Whether Mars was ever warm and wet enough to retain a long-lived liquid water ocean has long been debated by planetary scientists. Several climate models have indicated that it was probably too cold. But other researchers point to ancient river deltas and other geological evidence of a northern ocean some 3.7 billion years ago.

Additional evidence includes hints of mangled, buried coastlines visible from orbit; these suggest that mega-tsunamis with skyscraper-high waves inundated parts of Mars’s northern shores around three billion years ago. On a world believed to have lacked Earthlike plate tectonics, any tsunamis were probably triggered by a meteor slamming into a huge body of water. (8/4)

India Center to Focus on Space Situational Awareness (Source: IANS)
India is building a new center to handle space situational awareness activities. ISRO has established a Directorate of Space Situational Awareness and Management, which will be housed in a center in Bengaluru whose construction formally started Friday. The center will monitor the country's operational satellites to monitor and threats posed to them by other satellites and debris. (8/5)

Russia Denies Permission for OneWeb Operations (Source: BBC)
Russian regulators have denied OneWeb permission to operate in the country. The country's State Commission for Radio Frequencies denied the company permission to provide services using the broadband constellation the company plans to launch over the next two years, primarily using Soyuz rockets. The report didn't state a specific reason for the denial, but some Russian agencies have previously opposed giving OneWeb access, including claims the satellites could be used for espionage. (8/5)

Army Looks at LEO Satellites with SDA (Source: Space News)
The U.S. Army is working with the new Space Development Agency on how the service can use proposed LEO satellite systems. The Army has done its own experiments with LEO satellites, including using the Kestral Eye spacecraft to prove imagery to deployed forces. The question officials are now pondering is how to take the concept further and explore broader use of low-cost satellites for tactical applications, something the Army started discussions about with the SDA earlier this year. Key for the Army is to be able to access satellite networks without having to replace billions of dollars worth of existing user equipment like antennas and receivers. (8/5)

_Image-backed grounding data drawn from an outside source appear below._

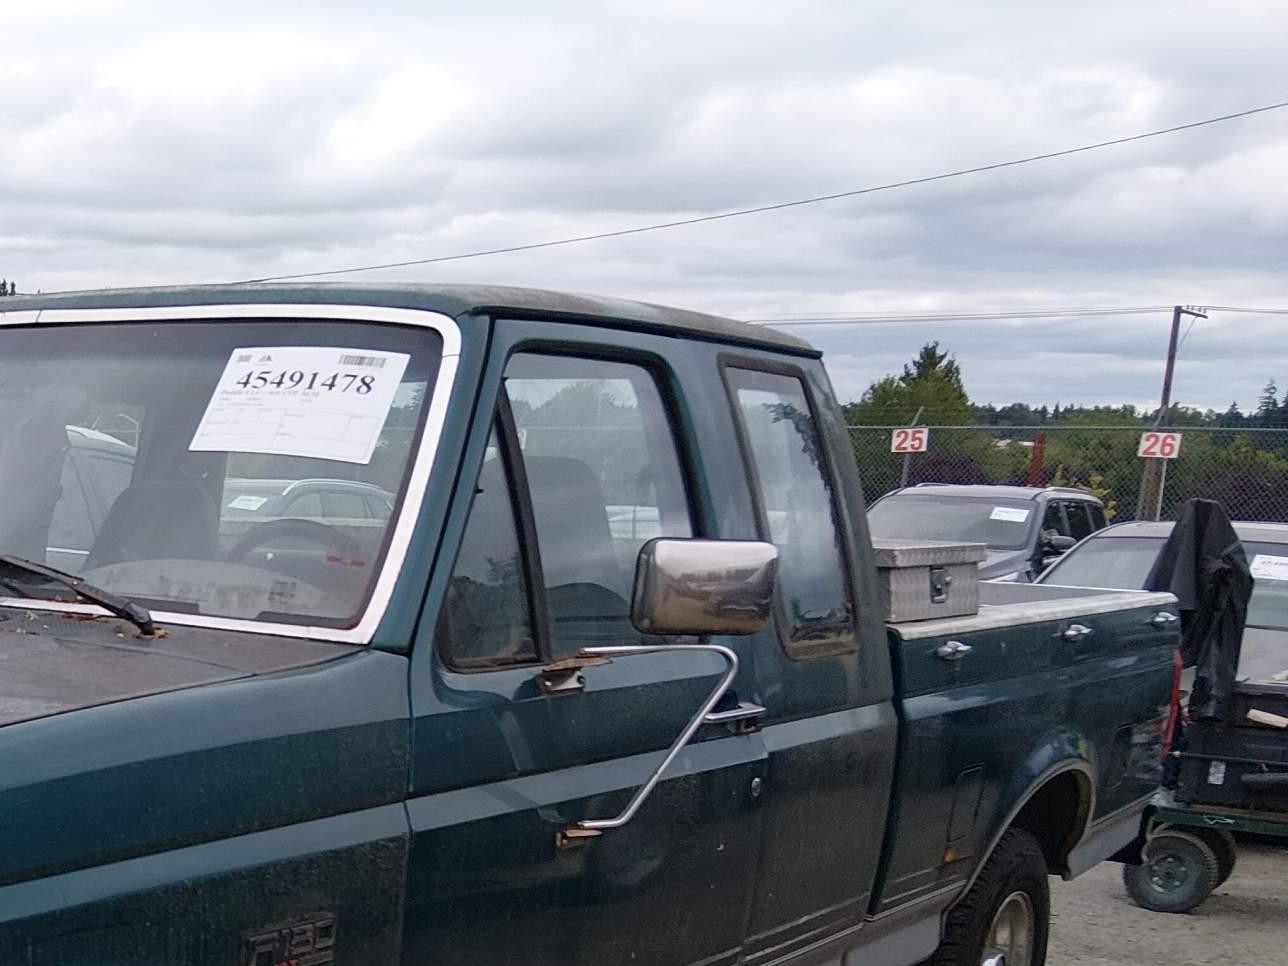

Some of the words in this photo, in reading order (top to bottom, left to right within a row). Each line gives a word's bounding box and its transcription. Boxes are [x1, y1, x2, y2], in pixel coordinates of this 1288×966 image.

[236, 370, 376, 395] 45491478
[895, 430, 924, 451] 25
[1142, 434, 1175, 456] 26
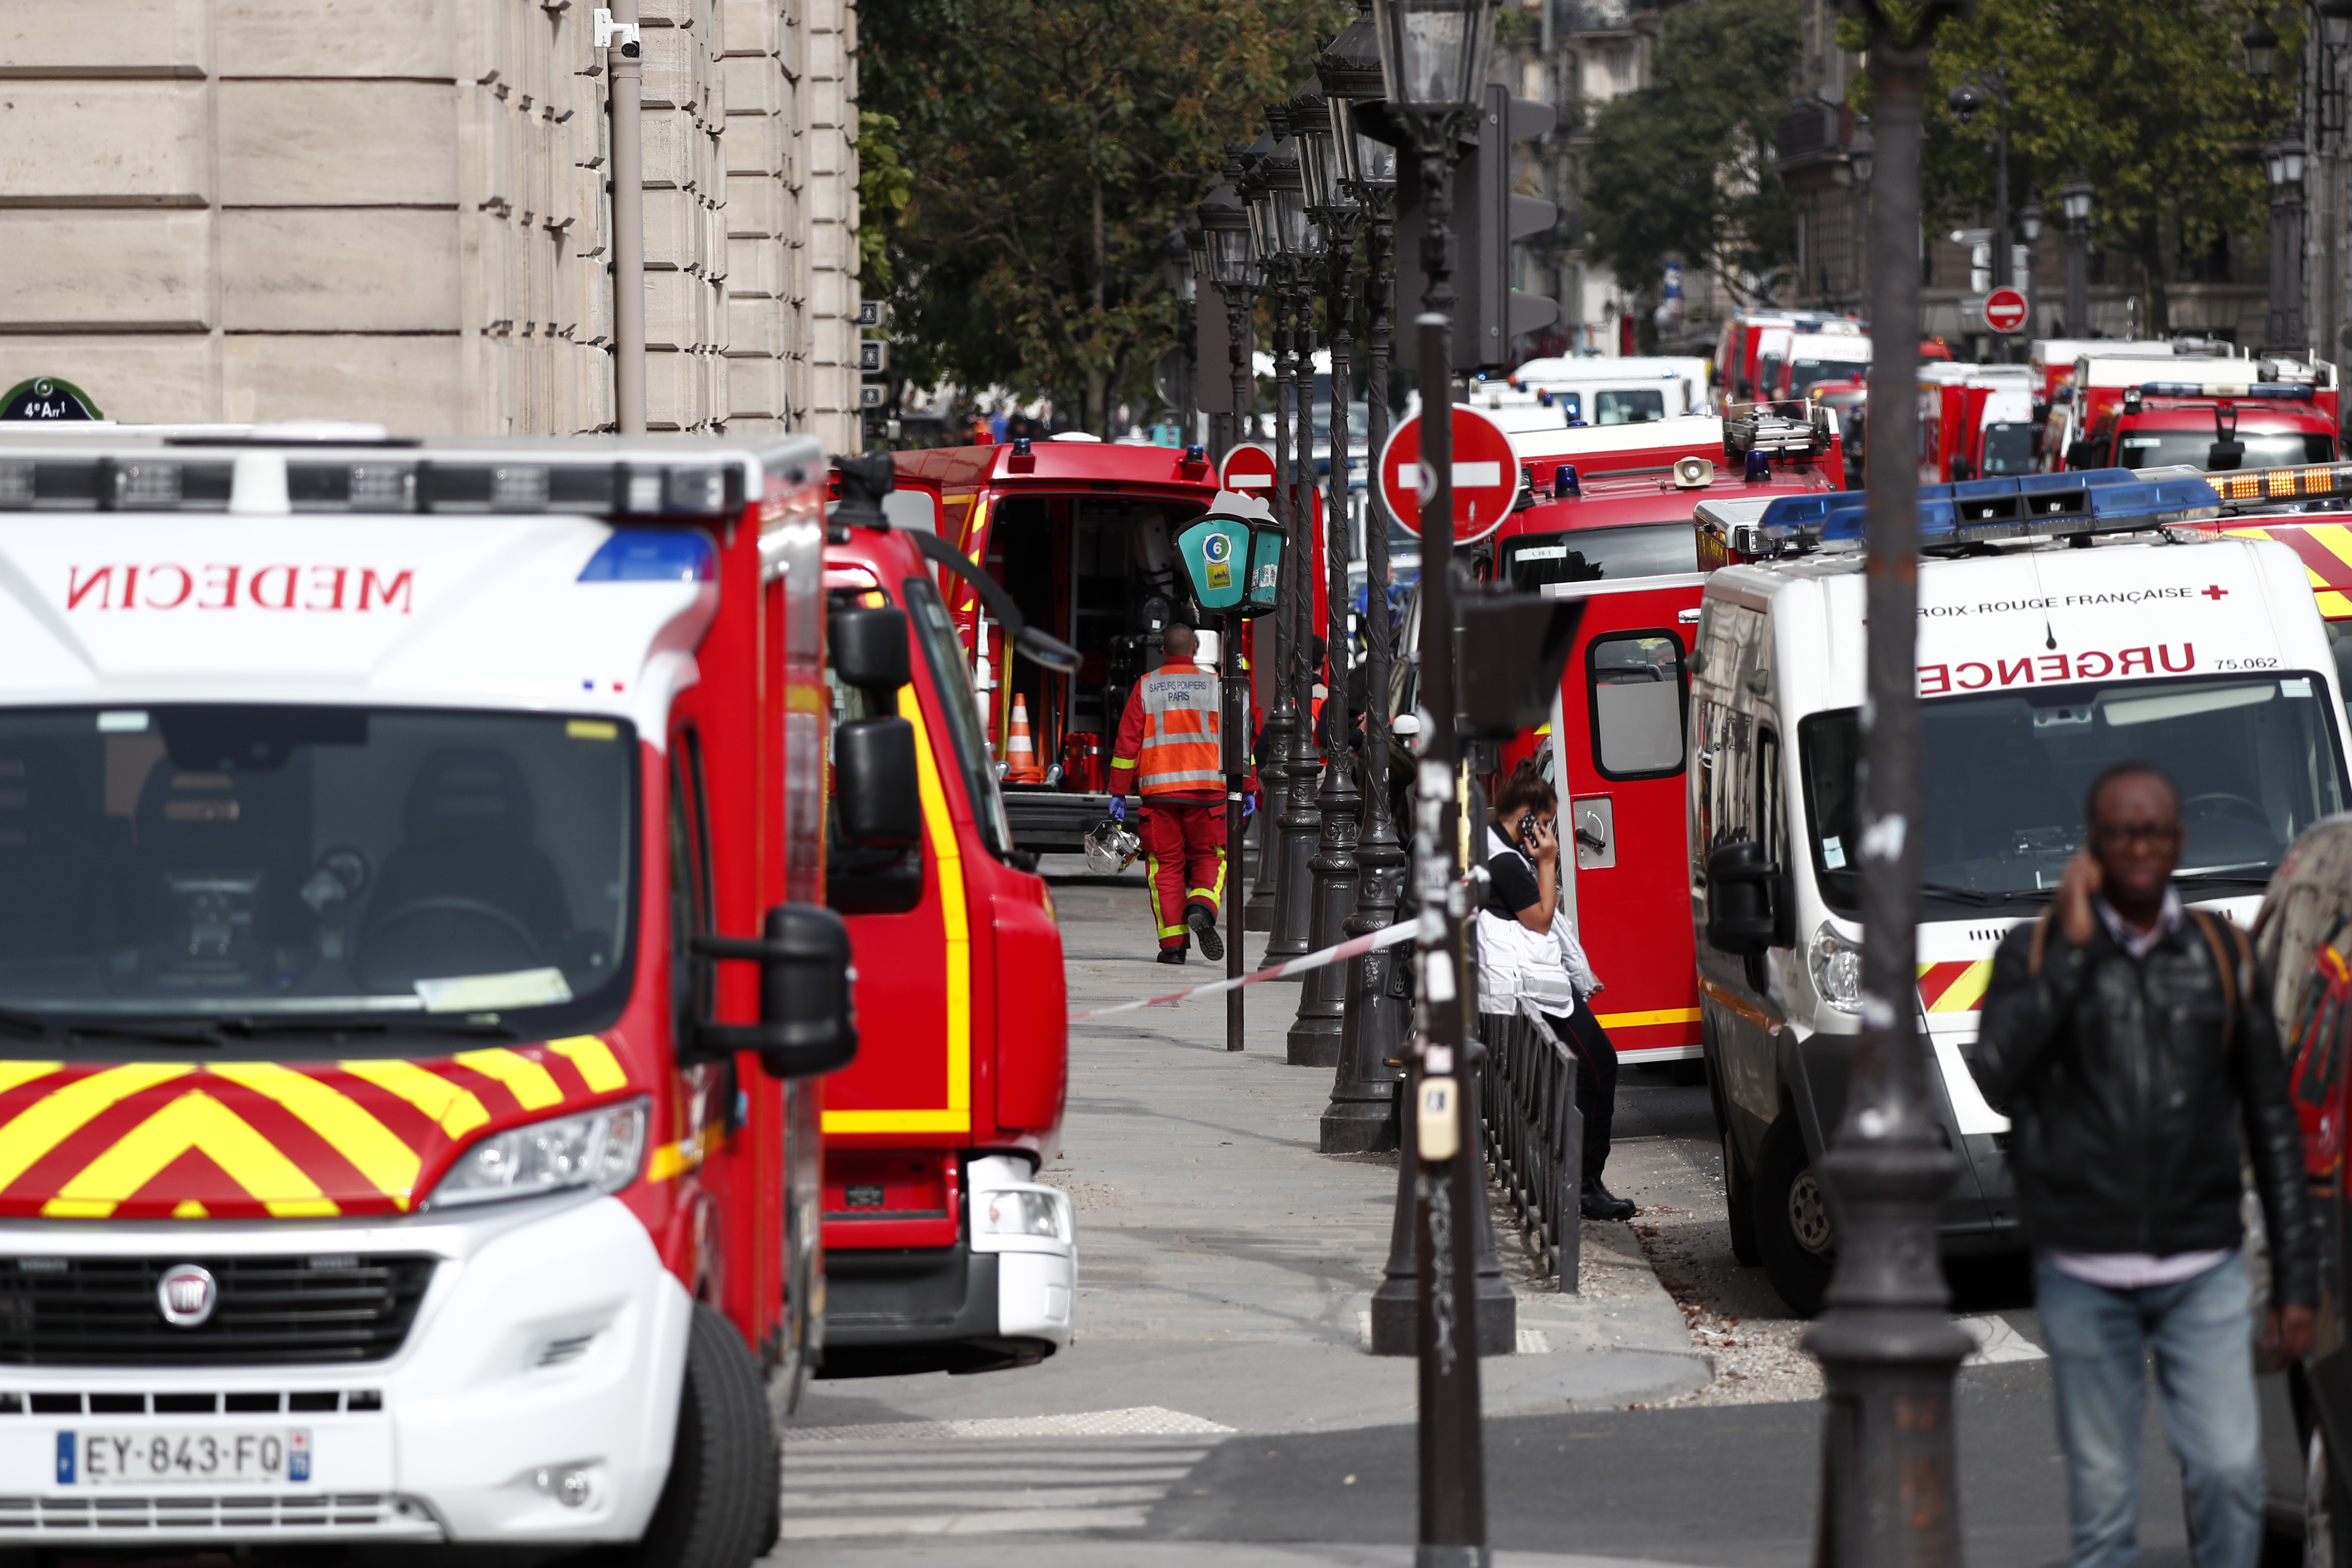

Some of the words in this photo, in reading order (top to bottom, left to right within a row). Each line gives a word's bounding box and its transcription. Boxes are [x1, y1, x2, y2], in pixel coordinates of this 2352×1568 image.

[1213, 542, 1222, 554] 6
[1916, 596, 2058, 618] ROIX-ROUGE
[2066, 587, 2193, 606] FRANÇAISE
[2214, 657, 2278, 670] 75.062
[1149, 681, 1176, 692] SAPEURS
[1177, 681, 1207, 690] POMPIERS
[1168, 691, 1190, 701] PARIS

Senate Budget Chairman Troubled by NASA Cost Overruns, Delays (Source: Space News)
The chairman of the Senate Budget Committee said he's "troubled" by cost and schedule problems with NASA programs. In a letter last week to NASA Administrator Jim Bridenstine, Sen. Mike Enzi (R-WY) said delays and cost overruns "put at risk vital NASA missions and taxpayer dollars." He singled out the James Webb Space Telescope and Space Launch System as programs with serious issues. Bridenstine responded to Enzi over the weekend, assuring the senator he is "working to change this culture" of cost and schedule problems, and agreeing to provide a detailed response to Enzi's questions later this month. (8/5)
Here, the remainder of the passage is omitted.